19/11/2025
My critics who twist my words and push the insensitive and cruel lie that I ever claimed Christians are not being killed in Nigeria — or that we bury empty coffins — are spreading a monstrous and unforgivable falsehood.
Christians are being hunted down and slaughtered across this country in staggering numbers, and anyone who denies it, minimizes it, or tries to rewrite the truth is nothing but a perfidious propagandist, a genocide enabler, and a shameless liar.
Yet let this also be made clear without ambiguity: Muslims too are being targeted and massacred by the very same terrorists. The bloodthirsty killers laying waste to this nation draw no distinction between church and mosque — they are executing us all.
The 25 girls abducted in Maga, Kebbi — and the viciously butchered Vice Principal — were a mix of Christians and Muslims.
The 64 abducted and 3 slaughtered in Tsafe, Zamfara were Muslims.
The Catholic priest and 12 girls kidnapped in Kagarko, Kaduna were Christians.
Even our military officers, including a Brigadier General cut down in Borno, were both Christian and Muslim.
These Islamist terrorists represent no faith, no God, no ideology beyond death.
Their only mission is bloodshed, abduction, domination, and the destruction of innocent lives.
They revel only in terror, pillage, mass murder, land-grabbing and grotesque cruelty.
And now some people dare whisper amnesty?
To creatures who feel no remorse?
To butchers who see human life as expendable?
Never. Never. Not today, not ever.
There is only one language these beasts understand — force.

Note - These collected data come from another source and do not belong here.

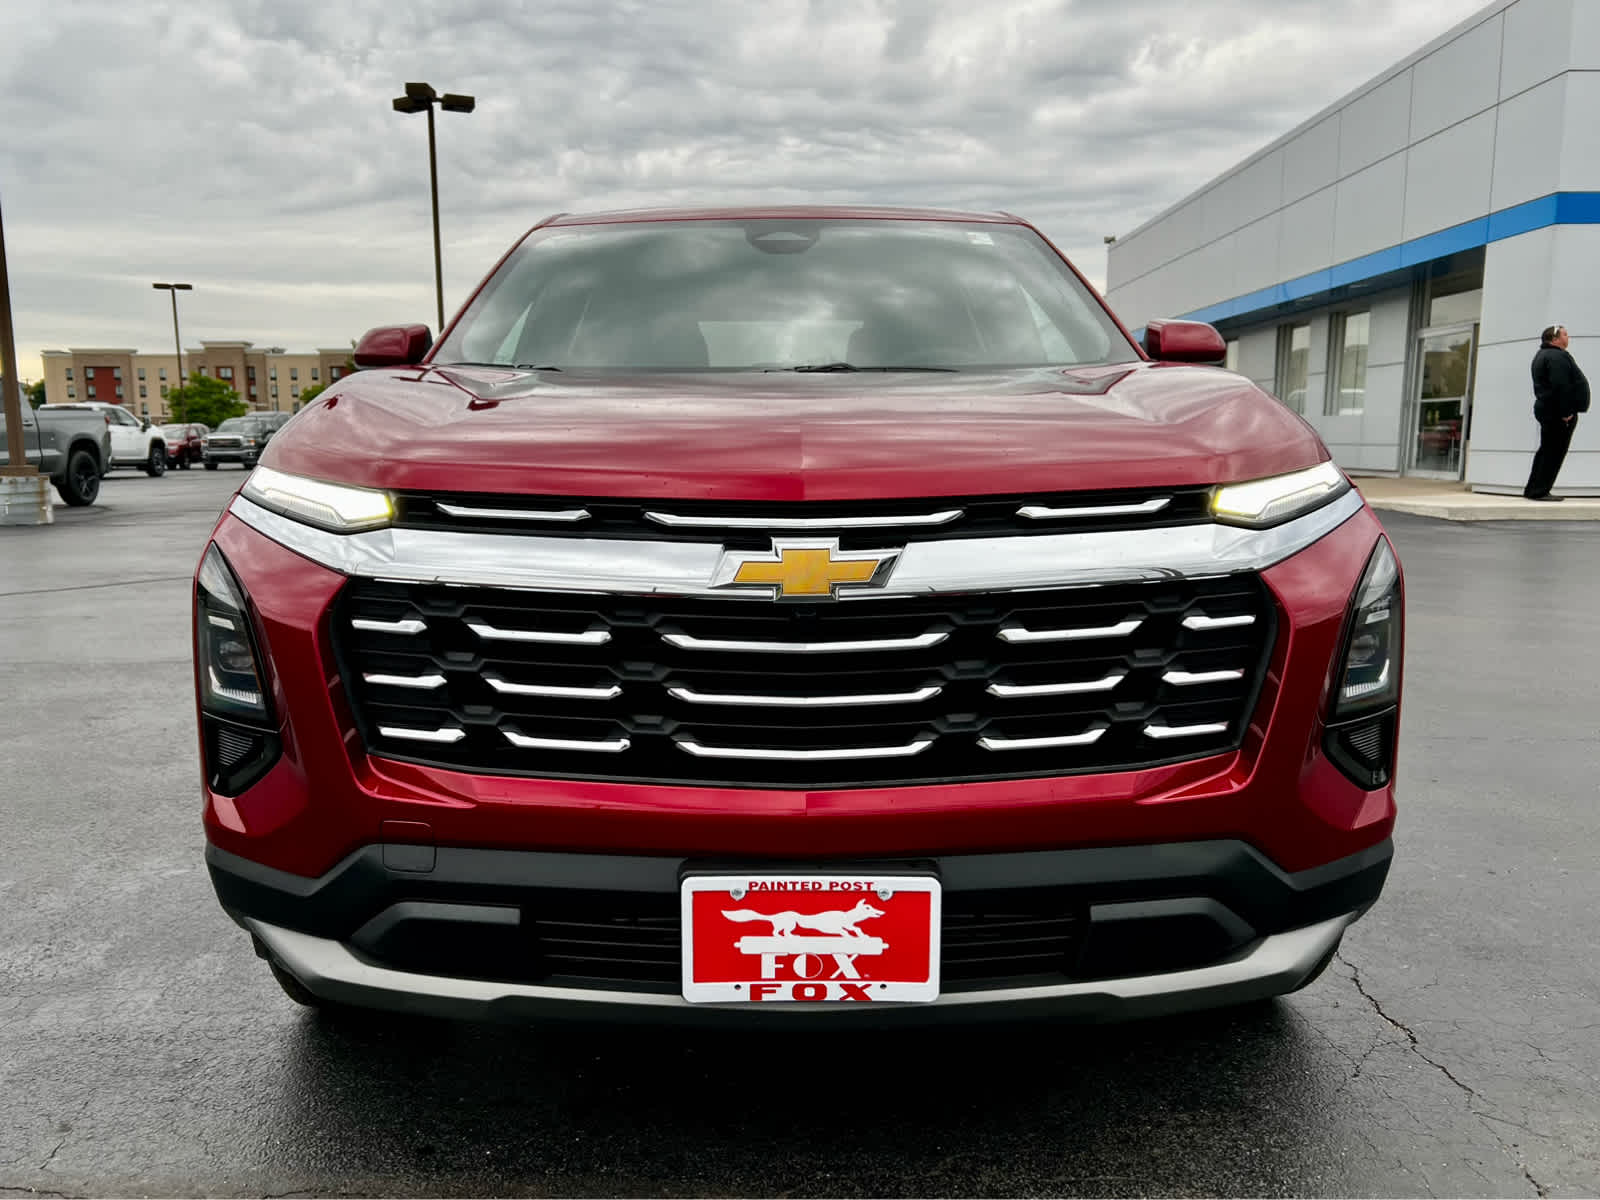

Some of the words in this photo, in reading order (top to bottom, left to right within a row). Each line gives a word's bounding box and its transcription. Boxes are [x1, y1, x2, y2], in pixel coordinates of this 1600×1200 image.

[748, 881, 822, 891] PAINTED
[829, 881, 874, 891] POST
[761, 952, 861, 979] FOX
[749, 983, 872, 1001] FOX
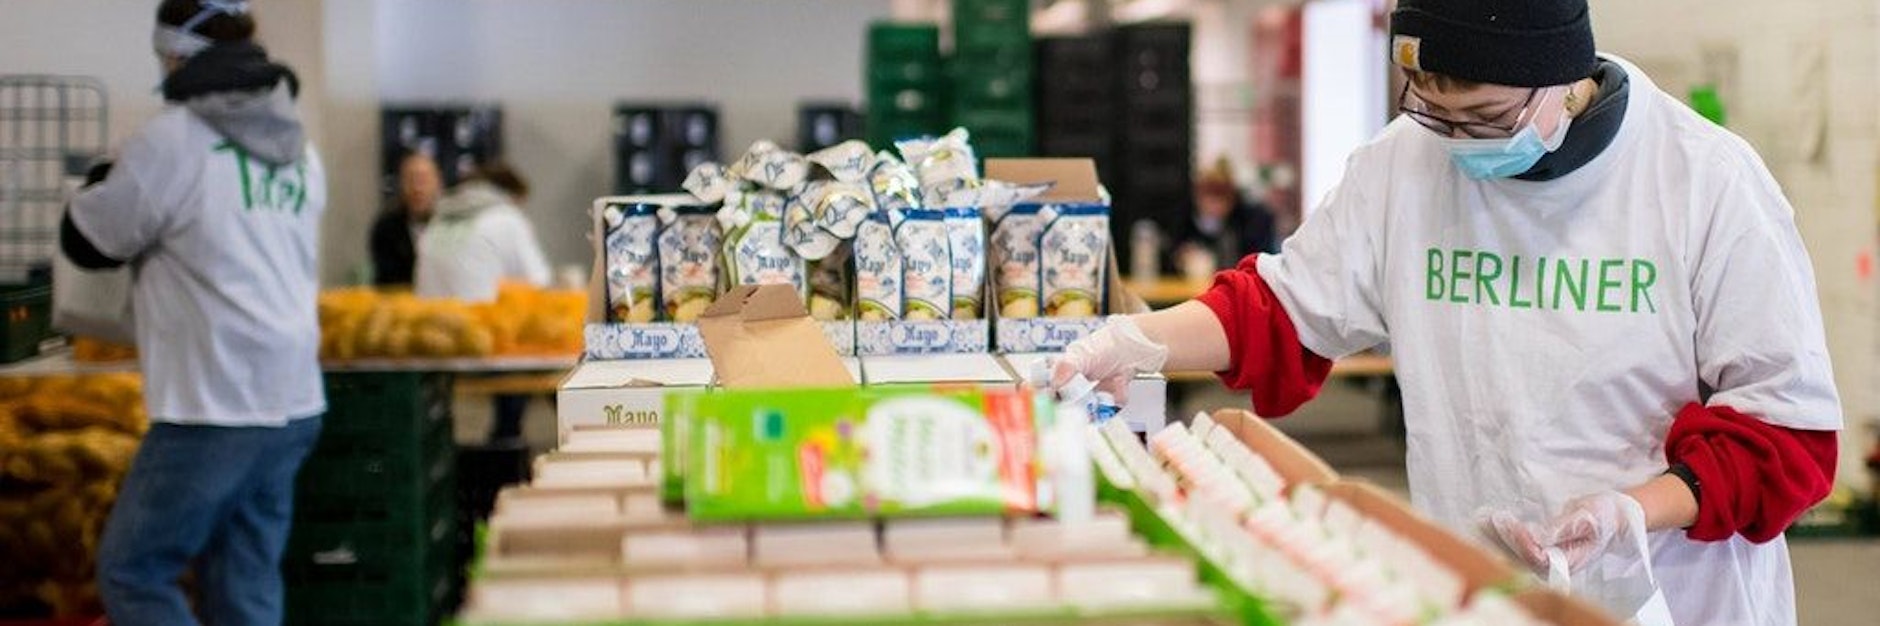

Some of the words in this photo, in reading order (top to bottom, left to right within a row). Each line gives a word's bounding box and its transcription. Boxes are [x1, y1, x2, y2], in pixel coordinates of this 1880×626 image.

[757, 255, 790, 271] Mayo
[1426, 248, 1657, 313] BERLINER
[632, 328, 668, 349] Mayo
[903, 325, 939, 346] Mayo
[1043, 324, 1078, 345] Mayo

It is the duty of the Federal Government and the Armed Forces to summon the courage, the strength, the will and the absolute resolve to crush them mercilessly and dispatch them back to the hell they crawled out of. Time is running out.

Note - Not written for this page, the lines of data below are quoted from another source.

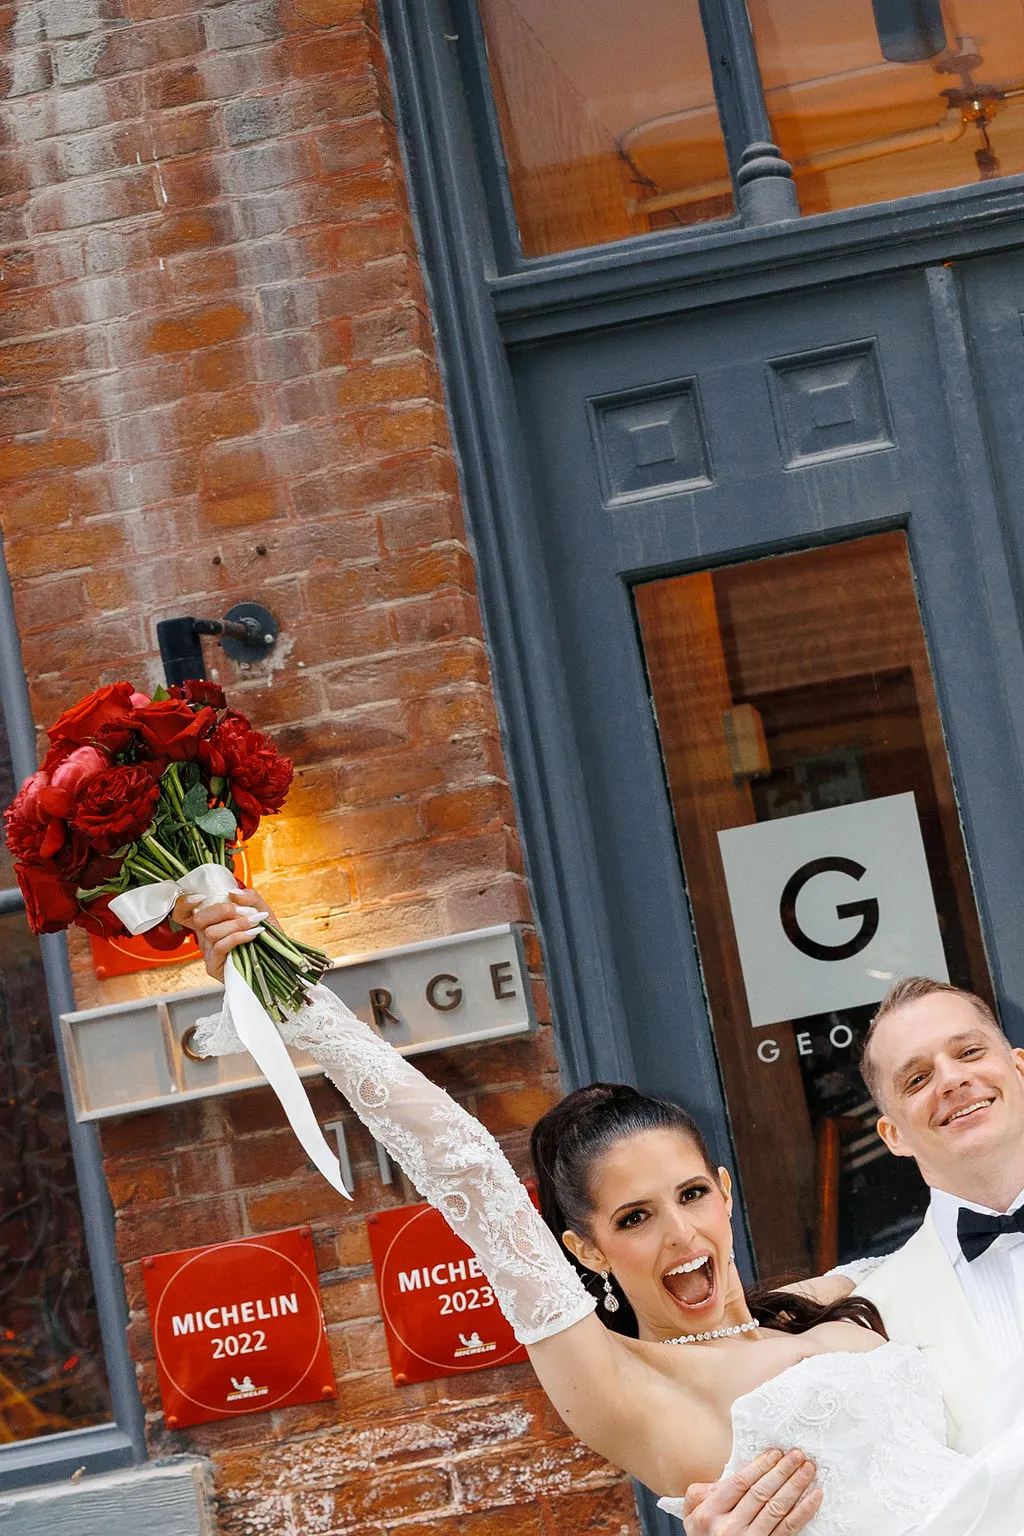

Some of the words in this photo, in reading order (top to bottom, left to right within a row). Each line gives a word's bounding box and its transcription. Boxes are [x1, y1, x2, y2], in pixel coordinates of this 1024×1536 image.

[780, 856, 880, 961] G
[181, 960, 517, 1062] GRGE
[757, 1018, 874, 1063] GEO
[397, 1257, 484, 1293] MICHE
[171, 1293, 299, 1337] MICHELIN
[438, 1286, 495, 1316] 2023
[210, 1330, 268, 1360] 2022
[453, 1343, 497, 1358] MICHELIN

What will not solve this crisis is twisting it into a Christian vs. Muslim narrative, or entertaining the reckless fantasy of an American invasion, which would plunge Nigeria into deeper chaos and hand the terrorists an even greater victory.
We need clarity. We need unity. We need strength.

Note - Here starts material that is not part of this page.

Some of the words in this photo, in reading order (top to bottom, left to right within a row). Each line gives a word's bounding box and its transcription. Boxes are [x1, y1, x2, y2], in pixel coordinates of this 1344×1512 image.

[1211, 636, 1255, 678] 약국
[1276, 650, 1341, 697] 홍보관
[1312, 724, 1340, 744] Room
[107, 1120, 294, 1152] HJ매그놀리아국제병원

And above all, we need to pray for Nigeria — because forces that wish to divide, destabilize and destroy this nation are already working overtime.
Nigeria must not become another Congo, Somalia, Darfur, Sudan, Gaza, Afghanistan, Libya, Iraq, Lebanon, or Syria — a shattered state consumed by proxy wars and foreign interests.
Nigeria must not be reduced to a battleground for competing superpowers or greedy imperial interests hungry for resources.
This is the moment to set aside our differences.
To stand firm.
To stand united.
To stand shoulder to shoulder — Christian and Muslim — against a common, murderous enemy.
Our survival depends on it.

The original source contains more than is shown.